** Opening MATERIAL SHOWN block **
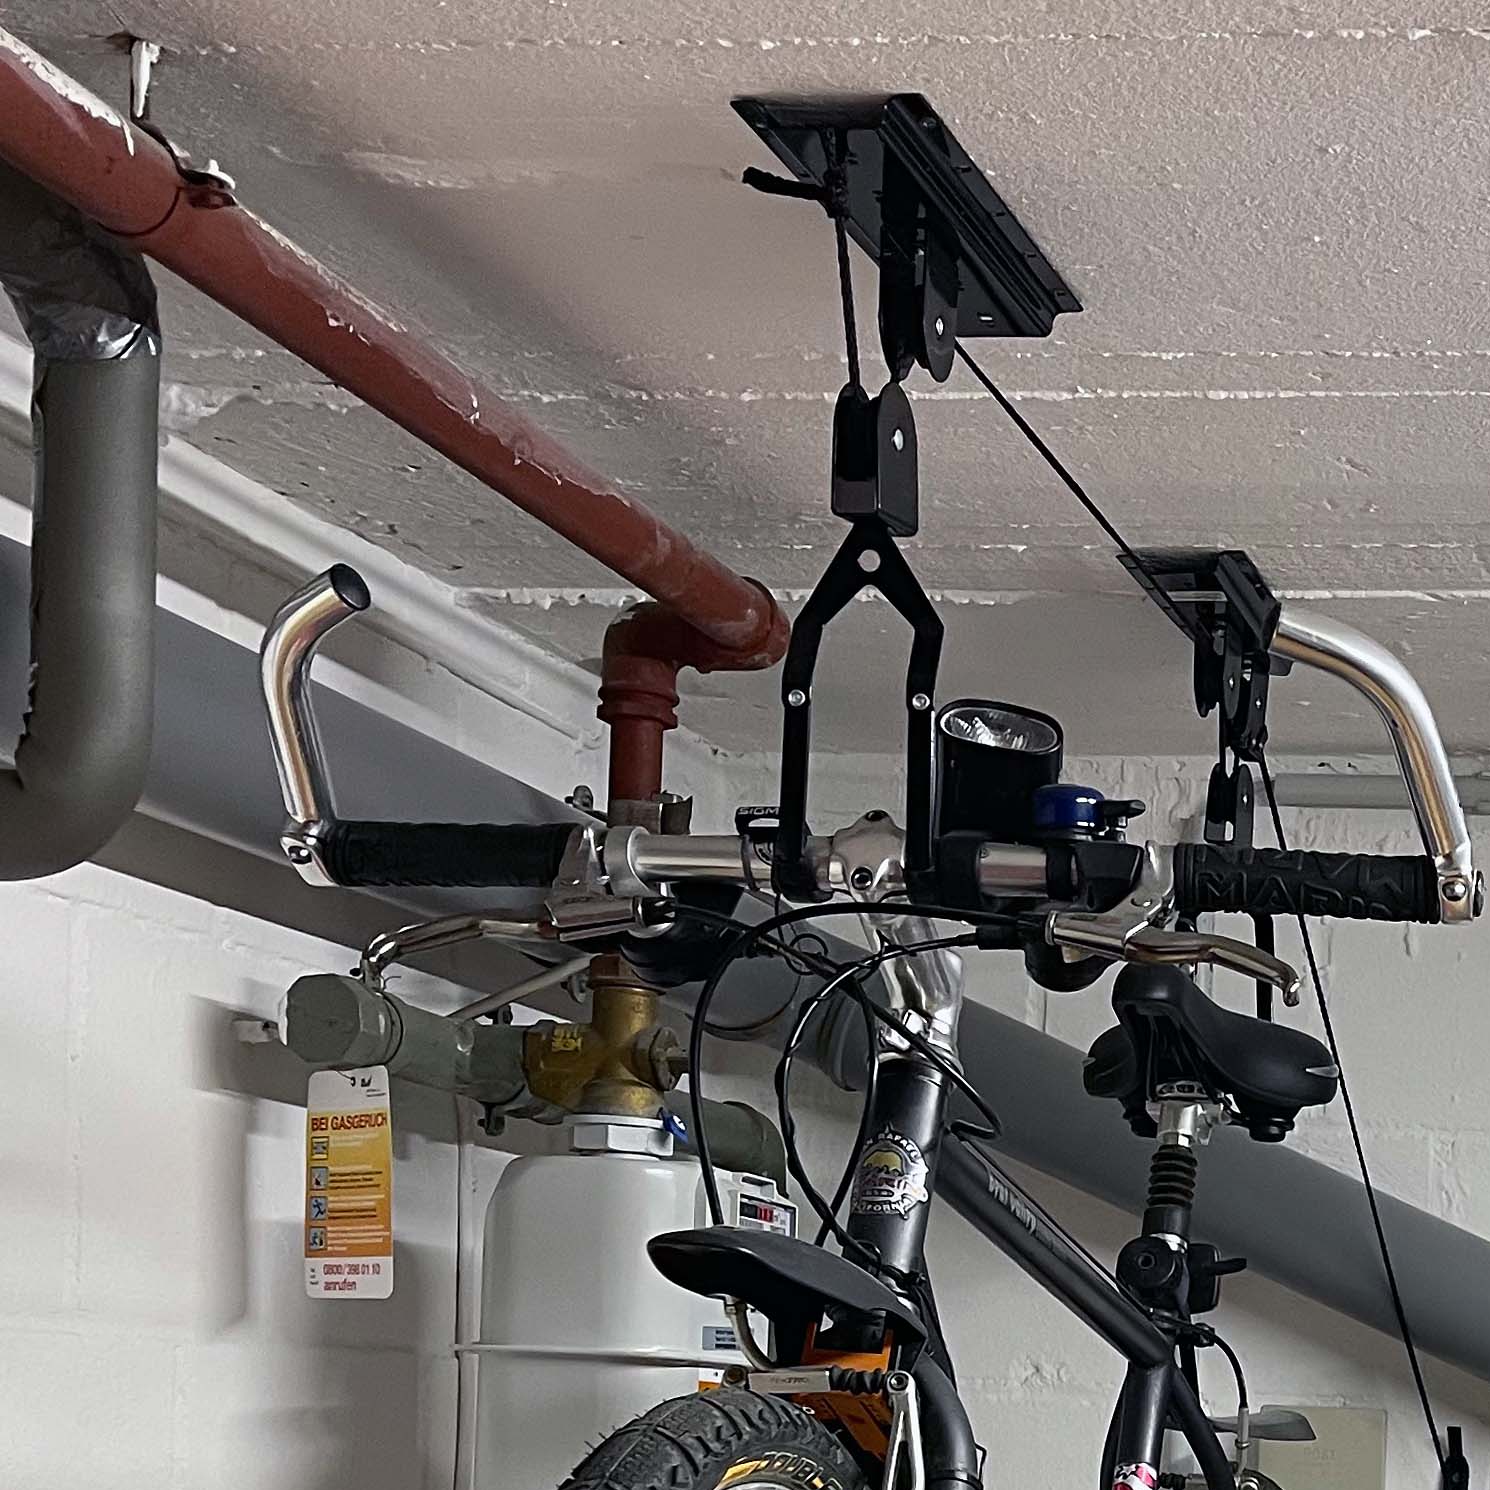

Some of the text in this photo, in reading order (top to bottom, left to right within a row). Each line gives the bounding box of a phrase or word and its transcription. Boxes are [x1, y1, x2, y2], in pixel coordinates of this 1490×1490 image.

[738, 807, 780, 815] SIGM
[311, 1111, 388, 1132] BEI GASGERUCH
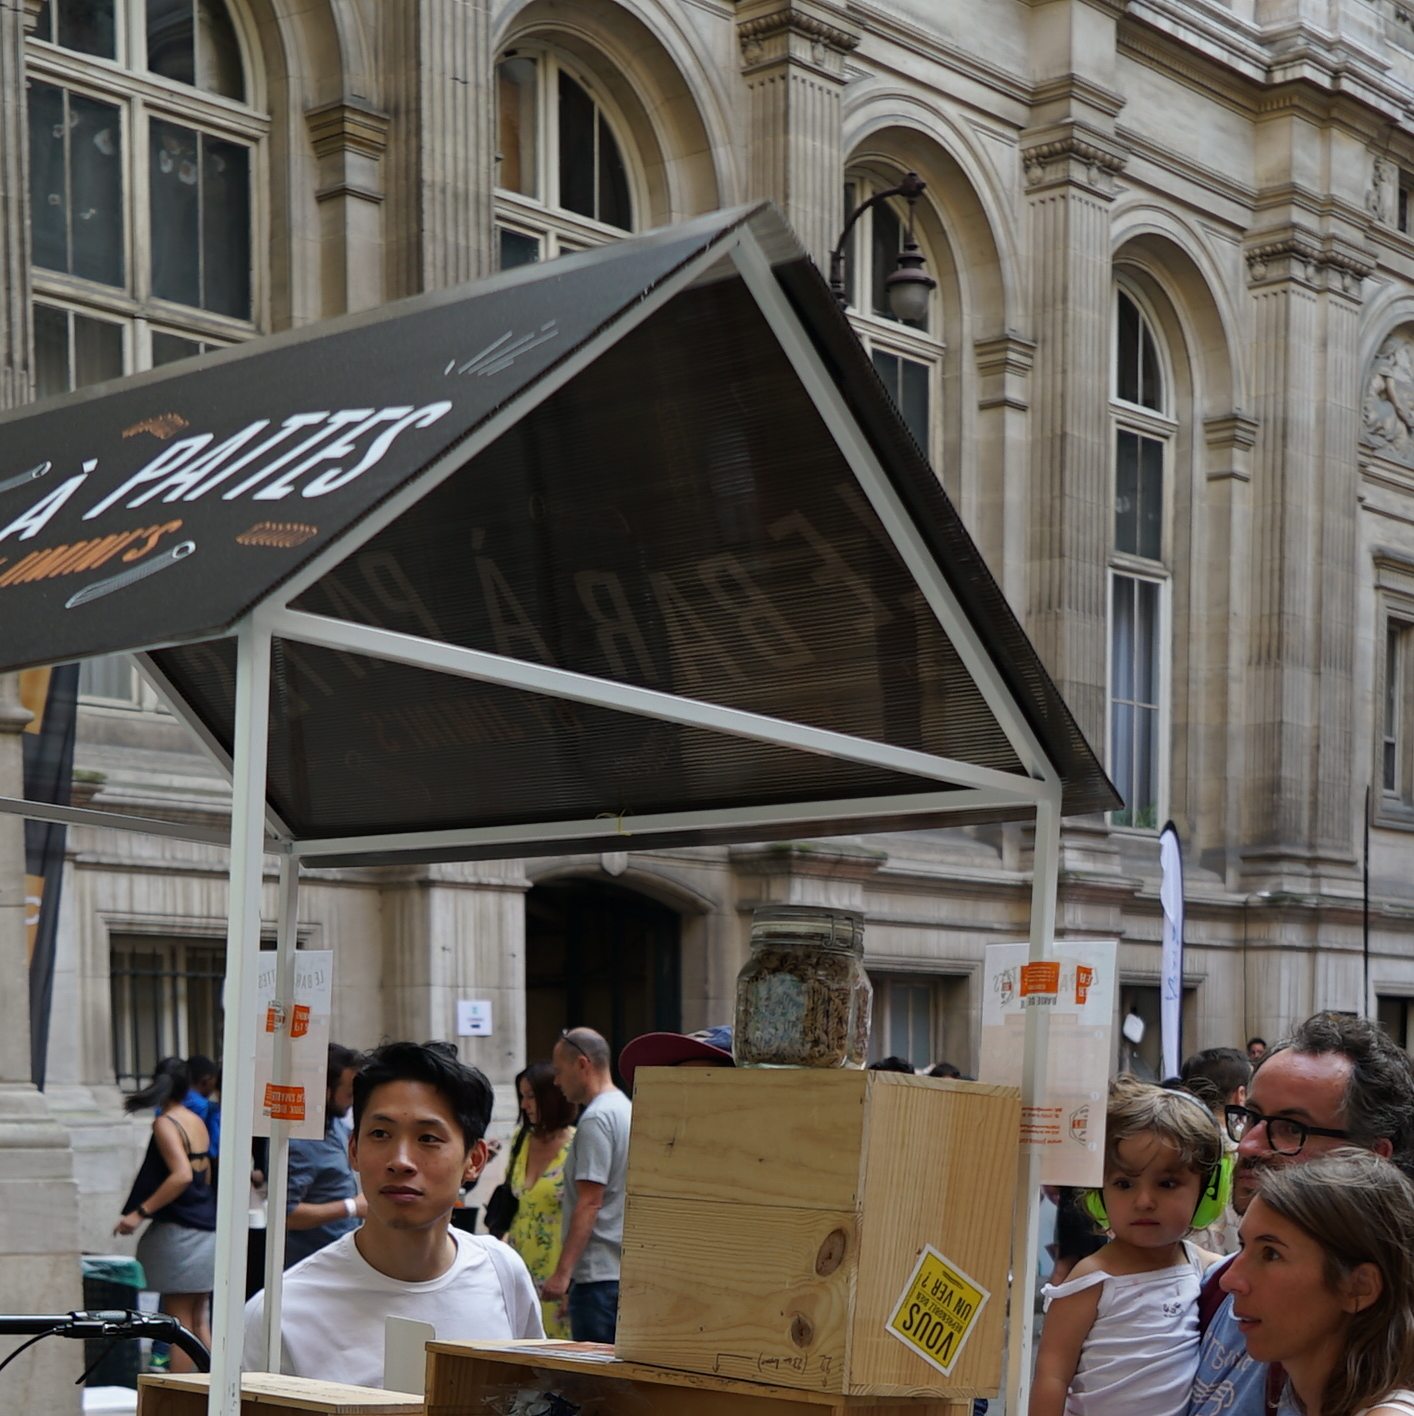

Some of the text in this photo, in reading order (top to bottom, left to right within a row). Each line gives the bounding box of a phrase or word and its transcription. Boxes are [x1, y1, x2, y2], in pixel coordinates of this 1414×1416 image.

[81, 401, 453, 521] PATTES
[931, 1278, 955, 1307] VER
[953, 1296, 973, 1321] UN
[902, 1303, 955, 1362] VOUS
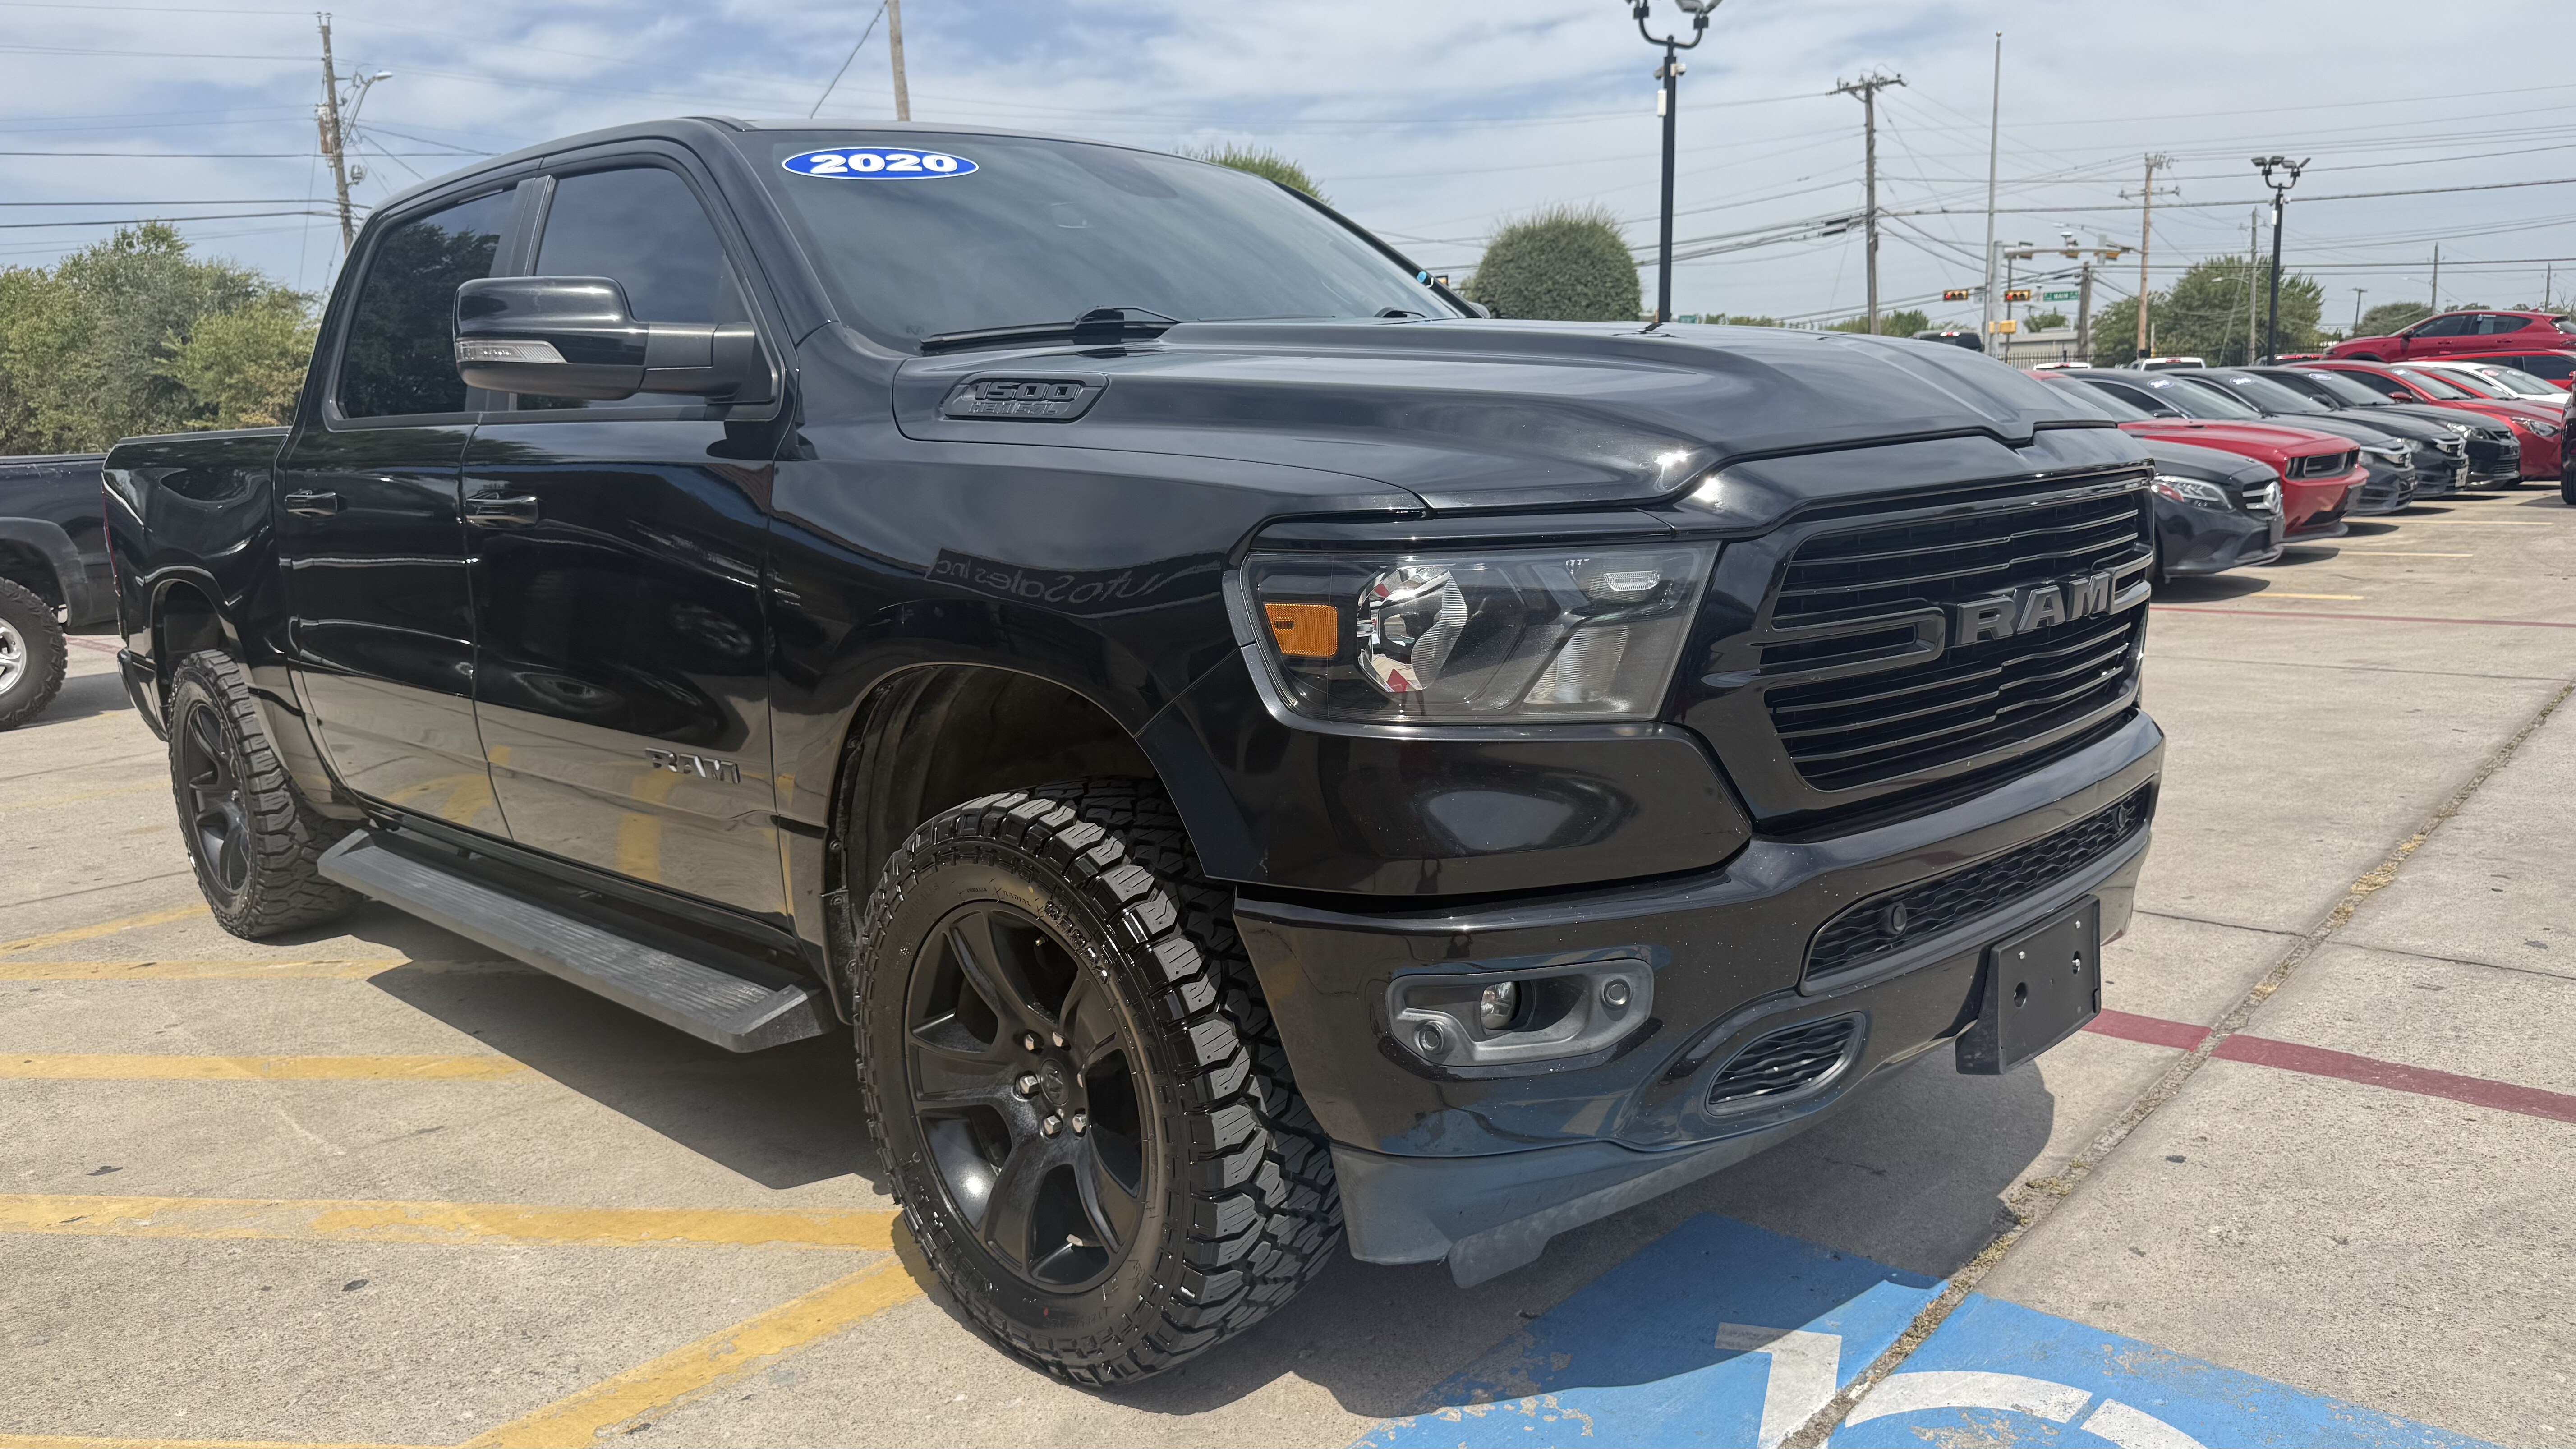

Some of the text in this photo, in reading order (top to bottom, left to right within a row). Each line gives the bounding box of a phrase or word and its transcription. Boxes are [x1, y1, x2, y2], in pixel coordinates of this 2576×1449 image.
** Closing MATERIAL SHOWN block **
→ **REQUIRED WORK**
Extract the full listing exactly, with the pictures left out.

→ **ANSWER SECTION**
Some of the text in this photo, in reading order (top to bottom, left to right within a row). Each line gives the bounding box of a phrase or word and its transcription. Boxes are [x1, y1, x2, y2], in pixel coordinates of this 1490×1490 image.

[738, 807, 780, 815] SIGM
[311, 1111, 388, 1132] BEI GASGERUCH

Some of the text in this photo, in reading order (top to bottom, left to right within a row). Each line gives the bounding box of a phrase or word and its transcription. Boxes are [x1, y1, x2, y2], in pixel coordinates of this 1414×1416 image.

[81, 401, 453, 521] PATTES
[931, 1278, 955, 1307] VER
[953, 1296, 973, 1321] UN
[902, 1303, 955, 1362] VOUS

Some of the text in this photo, in reading order (top to bottom, left to right within a row). Each line gives the bounding box of a phrase or word and its transcription. Boxes are [x1, y1, x2, y2], in pixel coordinates of this 2576×1449 image.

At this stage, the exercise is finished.